┌─ RECORDS FOR THIS EXERCISE

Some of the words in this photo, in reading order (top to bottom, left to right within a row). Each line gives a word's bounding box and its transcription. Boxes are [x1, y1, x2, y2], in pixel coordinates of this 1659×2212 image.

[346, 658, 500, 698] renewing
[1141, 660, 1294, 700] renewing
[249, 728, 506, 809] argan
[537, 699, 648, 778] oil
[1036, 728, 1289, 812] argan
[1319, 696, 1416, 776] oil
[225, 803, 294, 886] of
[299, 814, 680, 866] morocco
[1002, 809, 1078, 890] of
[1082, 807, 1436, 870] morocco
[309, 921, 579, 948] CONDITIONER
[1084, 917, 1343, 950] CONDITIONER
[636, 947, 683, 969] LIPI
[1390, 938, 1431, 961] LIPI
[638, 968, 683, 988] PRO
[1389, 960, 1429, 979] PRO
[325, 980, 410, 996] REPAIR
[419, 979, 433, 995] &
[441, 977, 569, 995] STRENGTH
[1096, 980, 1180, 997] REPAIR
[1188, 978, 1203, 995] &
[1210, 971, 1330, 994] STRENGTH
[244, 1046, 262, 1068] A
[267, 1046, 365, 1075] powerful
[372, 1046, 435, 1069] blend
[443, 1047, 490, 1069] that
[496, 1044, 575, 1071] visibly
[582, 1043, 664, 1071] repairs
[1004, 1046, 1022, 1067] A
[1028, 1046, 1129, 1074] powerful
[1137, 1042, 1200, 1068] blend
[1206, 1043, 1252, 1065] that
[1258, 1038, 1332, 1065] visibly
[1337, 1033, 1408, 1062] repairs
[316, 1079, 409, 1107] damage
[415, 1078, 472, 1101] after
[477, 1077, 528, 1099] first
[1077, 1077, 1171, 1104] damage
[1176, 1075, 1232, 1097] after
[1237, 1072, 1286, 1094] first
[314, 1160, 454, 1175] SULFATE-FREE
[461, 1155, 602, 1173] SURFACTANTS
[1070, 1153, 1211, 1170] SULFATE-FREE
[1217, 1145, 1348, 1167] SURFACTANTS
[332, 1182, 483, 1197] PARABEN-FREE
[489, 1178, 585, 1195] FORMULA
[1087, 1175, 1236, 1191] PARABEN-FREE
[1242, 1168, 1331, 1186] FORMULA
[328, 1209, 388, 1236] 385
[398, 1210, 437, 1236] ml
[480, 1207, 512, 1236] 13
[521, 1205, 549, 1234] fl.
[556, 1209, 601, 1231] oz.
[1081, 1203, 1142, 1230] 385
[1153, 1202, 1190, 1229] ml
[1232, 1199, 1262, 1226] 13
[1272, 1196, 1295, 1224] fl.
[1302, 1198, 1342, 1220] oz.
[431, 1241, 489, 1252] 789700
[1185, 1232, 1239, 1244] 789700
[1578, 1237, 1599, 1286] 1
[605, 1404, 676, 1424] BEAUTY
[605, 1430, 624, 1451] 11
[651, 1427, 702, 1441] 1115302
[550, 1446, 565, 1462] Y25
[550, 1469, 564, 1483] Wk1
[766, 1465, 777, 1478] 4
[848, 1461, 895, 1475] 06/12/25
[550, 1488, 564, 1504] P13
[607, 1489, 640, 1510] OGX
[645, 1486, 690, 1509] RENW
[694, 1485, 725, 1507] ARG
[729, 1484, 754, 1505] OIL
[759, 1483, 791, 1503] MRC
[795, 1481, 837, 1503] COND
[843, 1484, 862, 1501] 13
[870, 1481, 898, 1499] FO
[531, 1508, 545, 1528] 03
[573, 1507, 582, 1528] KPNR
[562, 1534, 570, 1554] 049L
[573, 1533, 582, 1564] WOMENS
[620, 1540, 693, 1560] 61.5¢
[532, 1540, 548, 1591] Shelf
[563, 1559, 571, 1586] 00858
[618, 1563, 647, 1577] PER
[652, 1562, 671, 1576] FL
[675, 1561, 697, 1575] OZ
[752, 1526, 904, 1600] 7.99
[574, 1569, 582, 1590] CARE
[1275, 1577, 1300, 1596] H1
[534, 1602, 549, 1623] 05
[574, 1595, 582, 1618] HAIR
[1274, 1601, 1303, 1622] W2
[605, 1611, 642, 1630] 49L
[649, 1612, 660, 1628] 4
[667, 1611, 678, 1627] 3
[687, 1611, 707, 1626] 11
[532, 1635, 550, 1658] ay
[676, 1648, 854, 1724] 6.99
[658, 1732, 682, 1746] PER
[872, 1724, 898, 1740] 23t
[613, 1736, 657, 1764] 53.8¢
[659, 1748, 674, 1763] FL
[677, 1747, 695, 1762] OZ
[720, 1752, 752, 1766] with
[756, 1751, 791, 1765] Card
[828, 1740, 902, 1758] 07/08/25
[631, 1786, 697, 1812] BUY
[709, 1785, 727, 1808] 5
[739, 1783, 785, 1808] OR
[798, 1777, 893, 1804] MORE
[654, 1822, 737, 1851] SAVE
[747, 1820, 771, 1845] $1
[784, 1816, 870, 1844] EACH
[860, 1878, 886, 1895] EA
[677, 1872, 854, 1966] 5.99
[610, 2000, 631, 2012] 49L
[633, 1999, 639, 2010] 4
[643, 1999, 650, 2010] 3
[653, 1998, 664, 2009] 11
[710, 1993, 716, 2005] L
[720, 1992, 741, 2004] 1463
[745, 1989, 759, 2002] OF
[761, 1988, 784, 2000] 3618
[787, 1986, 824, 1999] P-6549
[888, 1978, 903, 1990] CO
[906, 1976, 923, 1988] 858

└─

THE PROBLEM >>
From the data above, count the lines that hold the string "blend". Reply with only that number.

TASK RESPONSE >>
2